Start of DATA SHOWN

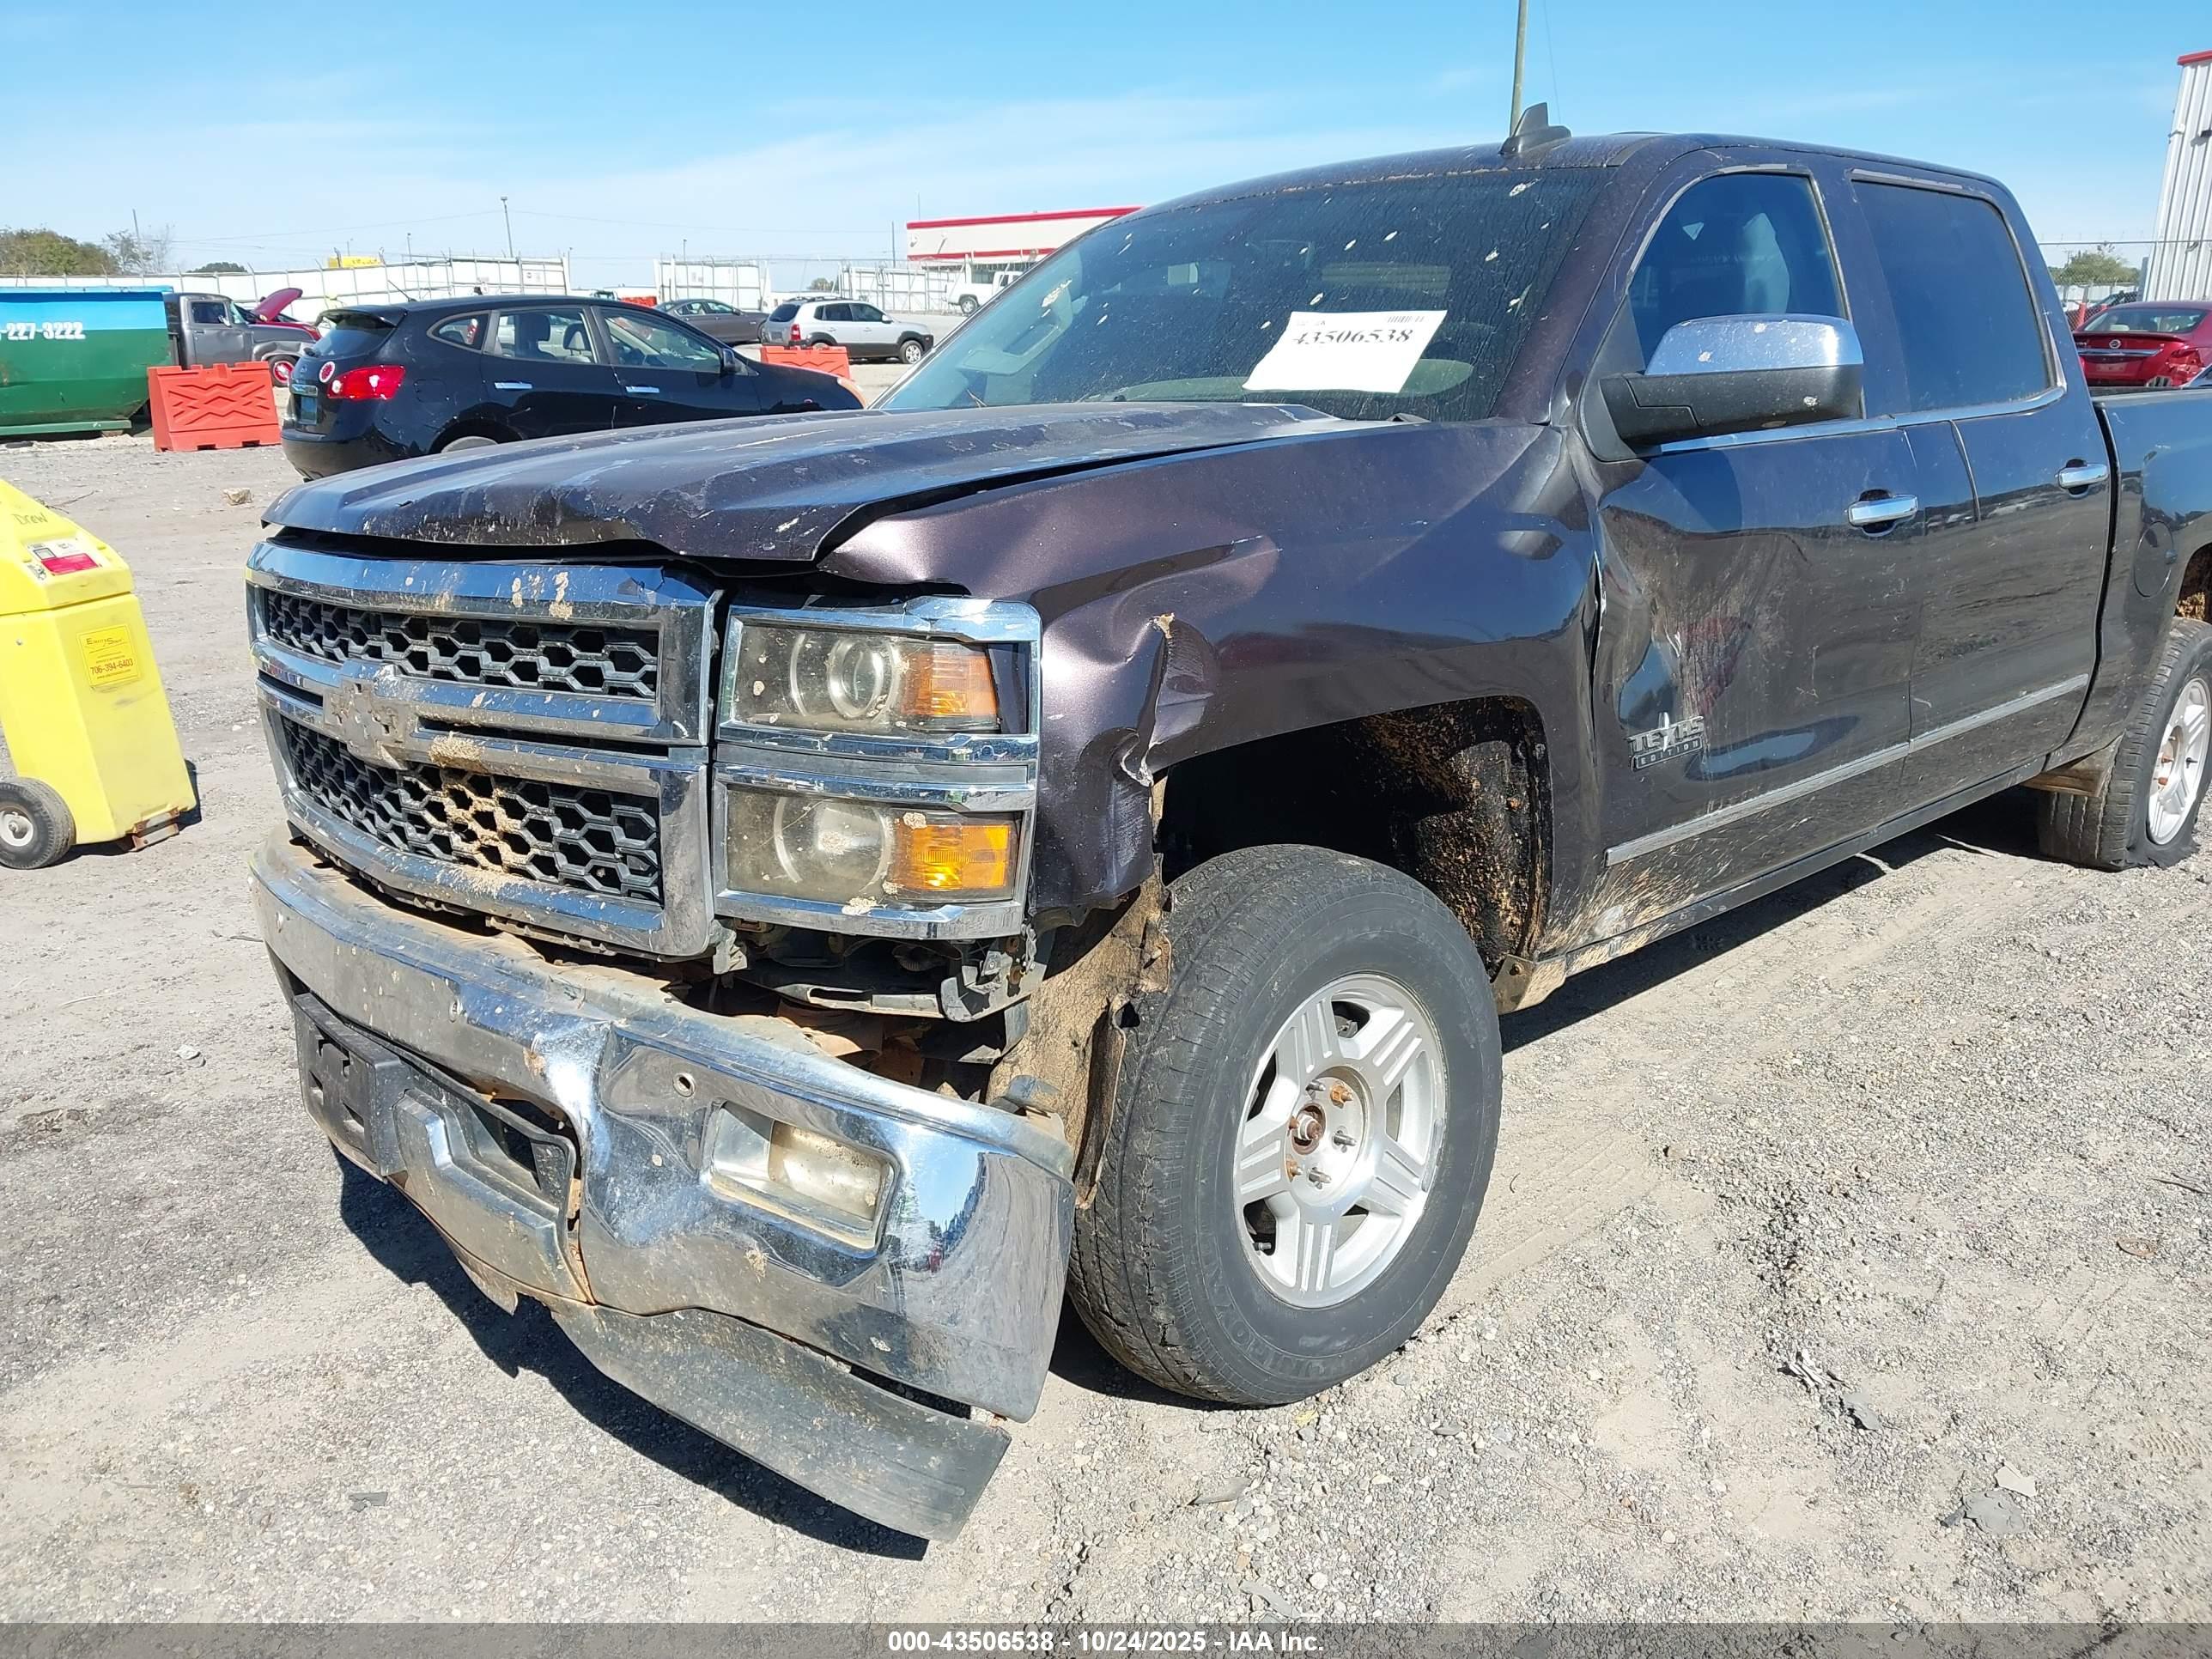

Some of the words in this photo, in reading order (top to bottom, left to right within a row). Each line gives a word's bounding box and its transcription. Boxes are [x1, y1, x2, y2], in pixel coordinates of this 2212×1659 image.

[0, 321, 86, 340] -227-3222
[1292, 329, 1413, 345] 43506538
[1627, 715, 1705, 752] TEXAS
[1640, 740, 1699, 765] EDITION
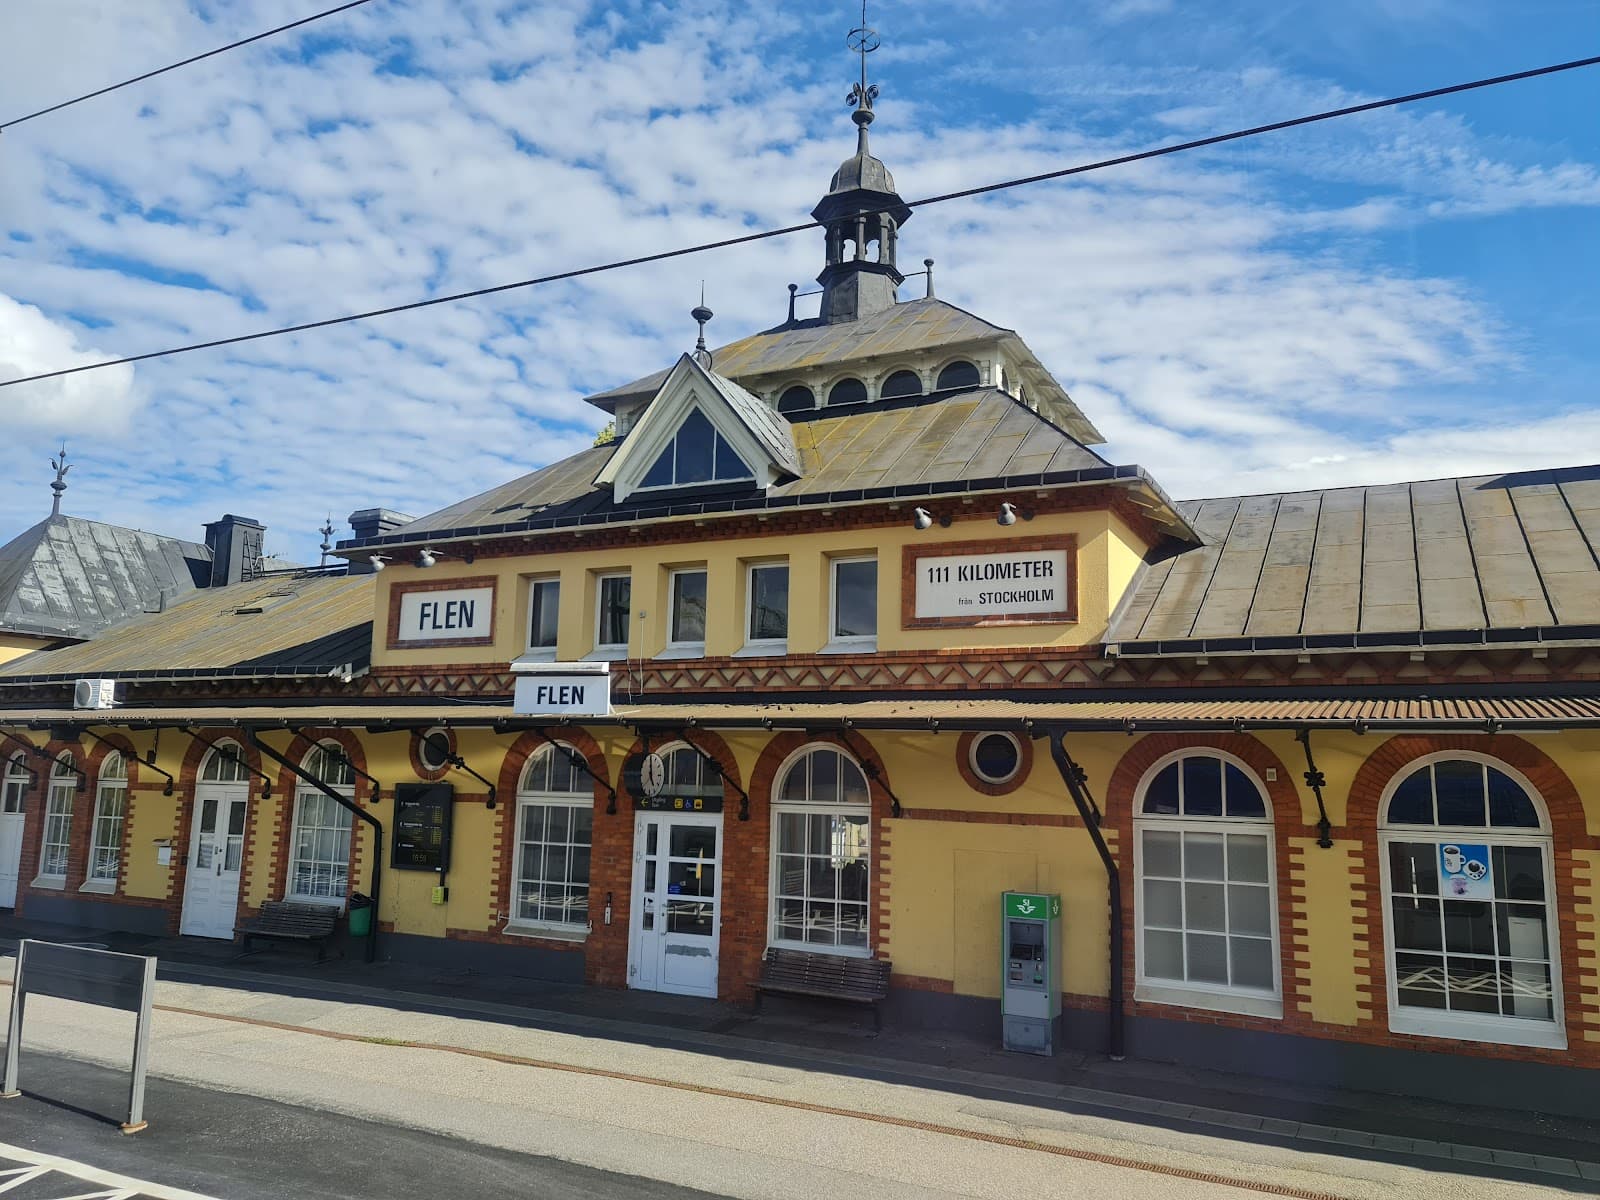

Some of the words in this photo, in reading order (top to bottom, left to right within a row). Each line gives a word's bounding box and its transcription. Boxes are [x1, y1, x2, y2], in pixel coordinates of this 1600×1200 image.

End of DATA SHOWN

• **EXERCISE REQUIREMENTS**
Word for word, give the entries above again, with no images included.

• **RESPONSE TO THE EXERCISE**
Some of the words in this photo, in reading order (top to bottom, left to right within a row). Each line gives a word's bounding box and its transcription. Boxes are [x1, y1, x2, y2], in pixel coordinates of this 2212×1659 image.

[0, 321, 86, 340] -227-3222
[1292, 329, 1413, 345] 43506538
[1627, 715, 1705, 752] TEXAS
[1640, 740, 1699, 765] EDITION

Some of the words in this photo, in reading order (top to bottom, left to right within a row). Each line gives a word's bounding box and its transcription. Boxes are [x1, y1, x2, y2], in pixel coordinates of this 1600×1200 image.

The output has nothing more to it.